闪存模型(Flashing the Model):将转换后的模型移植到MCU的Flash上。这可以使用Simplicity Studio完成,它为芯科科技MCU的编程提供了一个用户友好的界面。
推理和优化:应用量化和剪枝等优化技术,以减小模型大小并提高性能。
运行推理:一旦模型部署完成,它可以在MCU上运行推理。这包括向模型中输入新数据并获得预测结果。
软件工具链:新的软件工具包旨在支持开发人员使用一些最流行的工具套件(如TinyML和TensorFlow)快速构建和部署人工智能和机器学习算法。AI/ML软件帮助设计人员创建新的应用程序。除了原生支持TensorFlow来为高效推理提供优化内核之外,芯科科技还与一些领先的AI/ML工具提供商(如SensiML和Edge Impulse)合作,以确保开发人员拥有端到端的工具链来简化机器学习模型的开发,这些模型针对无线应用的嵌入式部署进行了优化。

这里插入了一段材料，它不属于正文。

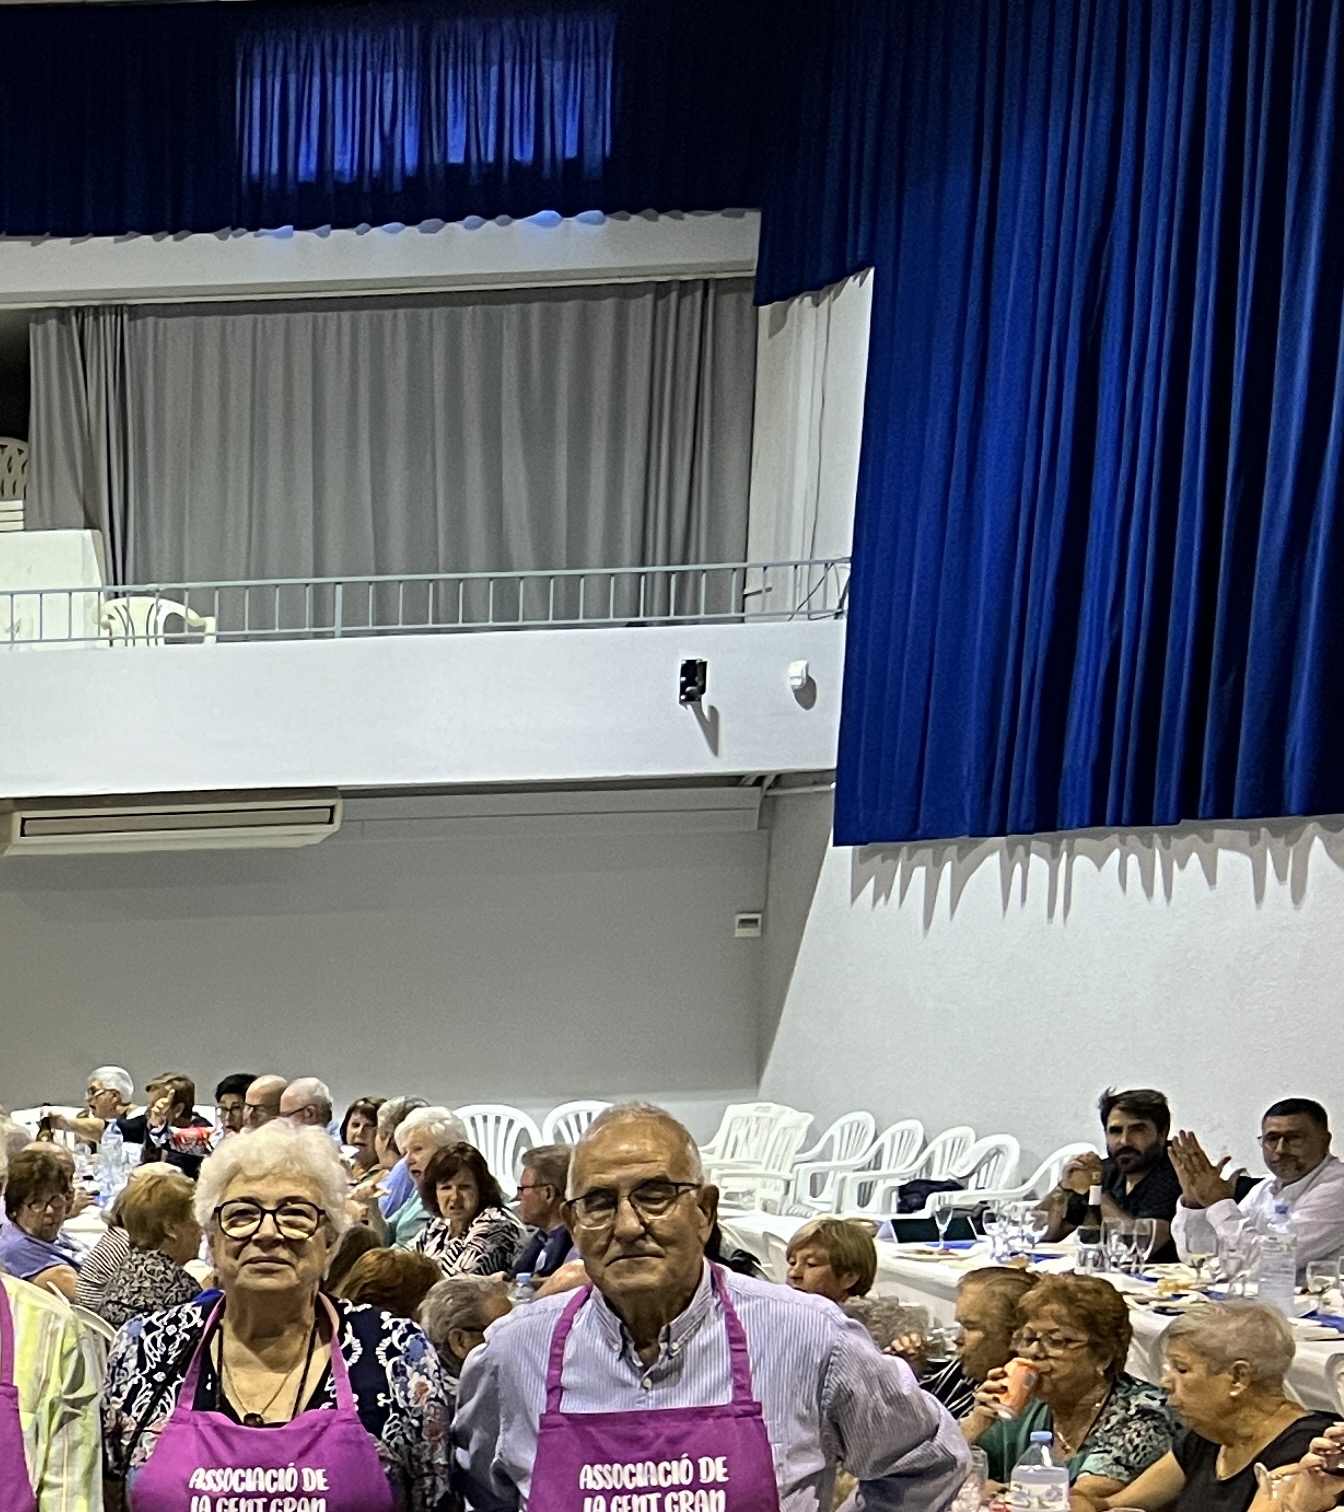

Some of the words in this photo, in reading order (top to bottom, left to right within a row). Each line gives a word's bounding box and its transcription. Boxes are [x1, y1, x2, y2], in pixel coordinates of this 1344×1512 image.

[188, 1462, 298, 1493] ASSOCIACIÓ
[301, 1467, 330, 1492] DE
[579, 1453, 694, 1490] ASSOCIACIÓ
[697, 1456, 730, 1484] DE

通过将这一全新的AI/ML工具链与芯科科技的Simplicity Studio开发平台以及xG24、xG28和xG26系列SoC结合使用,开发人员可以创建能够从各种互联设备获取信息的应用,这些设备都可以相互通信,从而做出智能的、由机器学习驱动的决策。
芯科科技提供各种工具和资源来支持ML应用。以下是其中一些例子:
机器学习应用:芯科科技提供集成化的硬件、软件和开发工具,帮助客户快速创建适用于工业和商业应用场景的、安全的智能设备。开发平台支持嵌入式机器学习(TinyML)模型推理,由Tensorflow Lite for Microcontrollers(TFLM)框架支持。该存储库包含一组利用ML的嵌入式应用程序。

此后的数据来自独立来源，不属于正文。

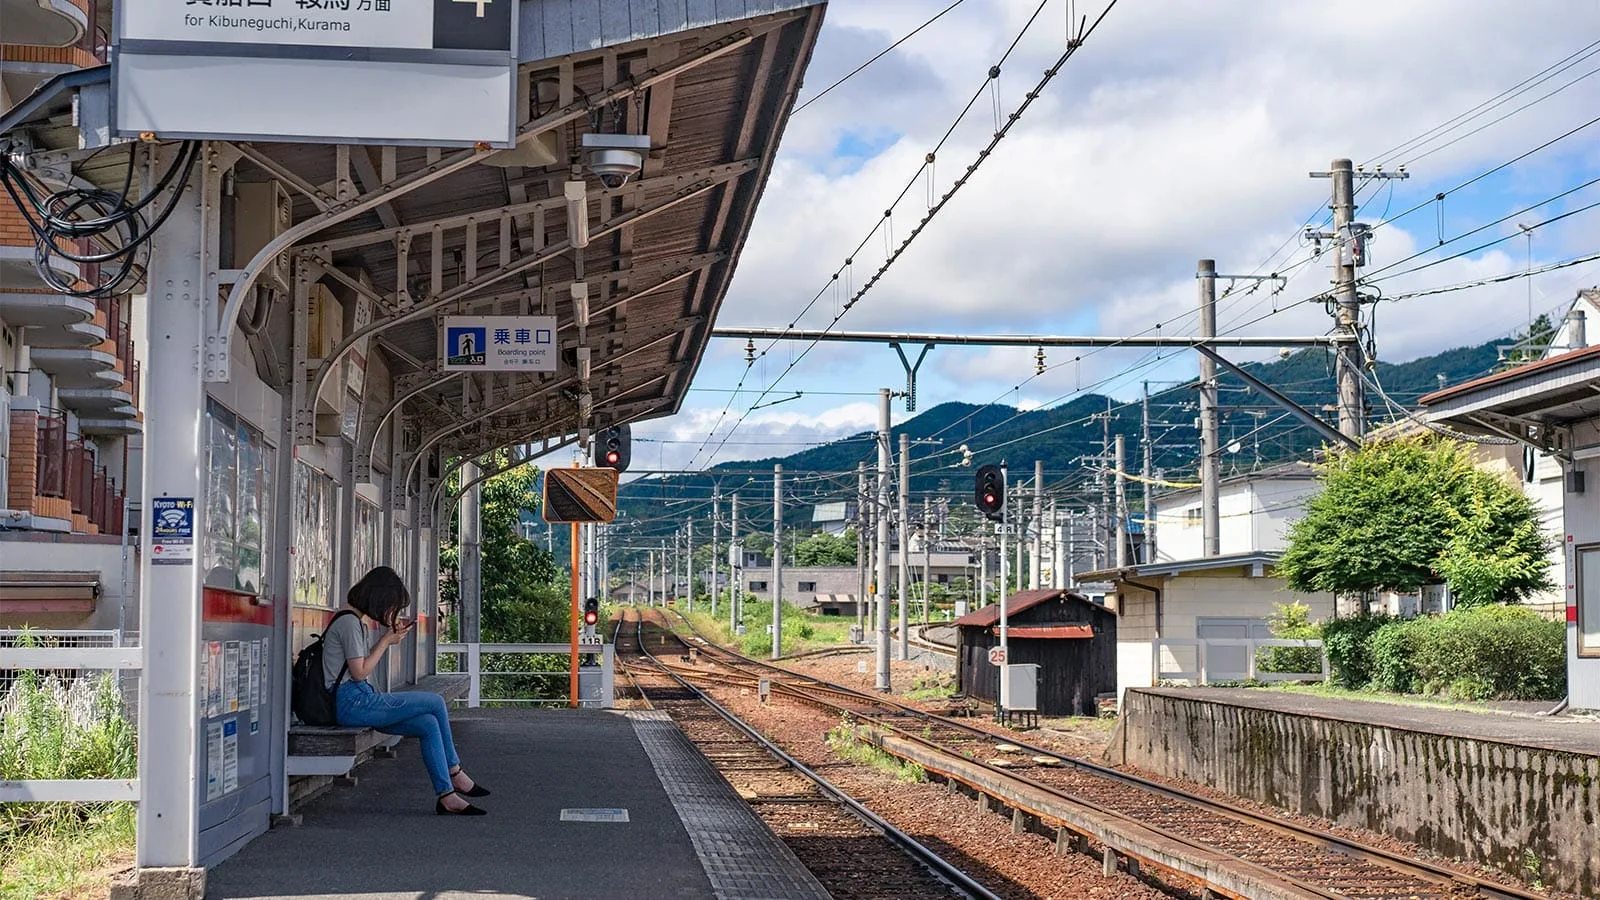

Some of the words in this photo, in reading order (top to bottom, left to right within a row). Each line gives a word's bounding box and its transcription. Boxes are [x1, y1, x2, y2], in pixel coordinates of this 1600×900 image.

[185, 14, 204, 26] for
[208, 15, 351, 32] Kibuneguchi,Kurama
[494, 328, 551, 345] 乗車口
[497, 349, 527, 358] Boarding
[528, 349, 546, 357] point
[176, 500, 193, 509] Wi-Fi
[991, 650, 1005, 662] 25

机器学习工具包(MLTK):这是一个带有命令行实用程序和脚本的Python软件包,可支持基于芯科科技的嵌入式平台开发的机器学习模型。它包括从命令行界面或Python脚本执行ML操作的各项功能,并可确定ML模型在嵌入式平台上的执行效率,以及使用谷歌Tensorflow训练ML模型。
参考数据集:MLTK附带参考模型使用的数据集。这些数据集可以在Github上找到。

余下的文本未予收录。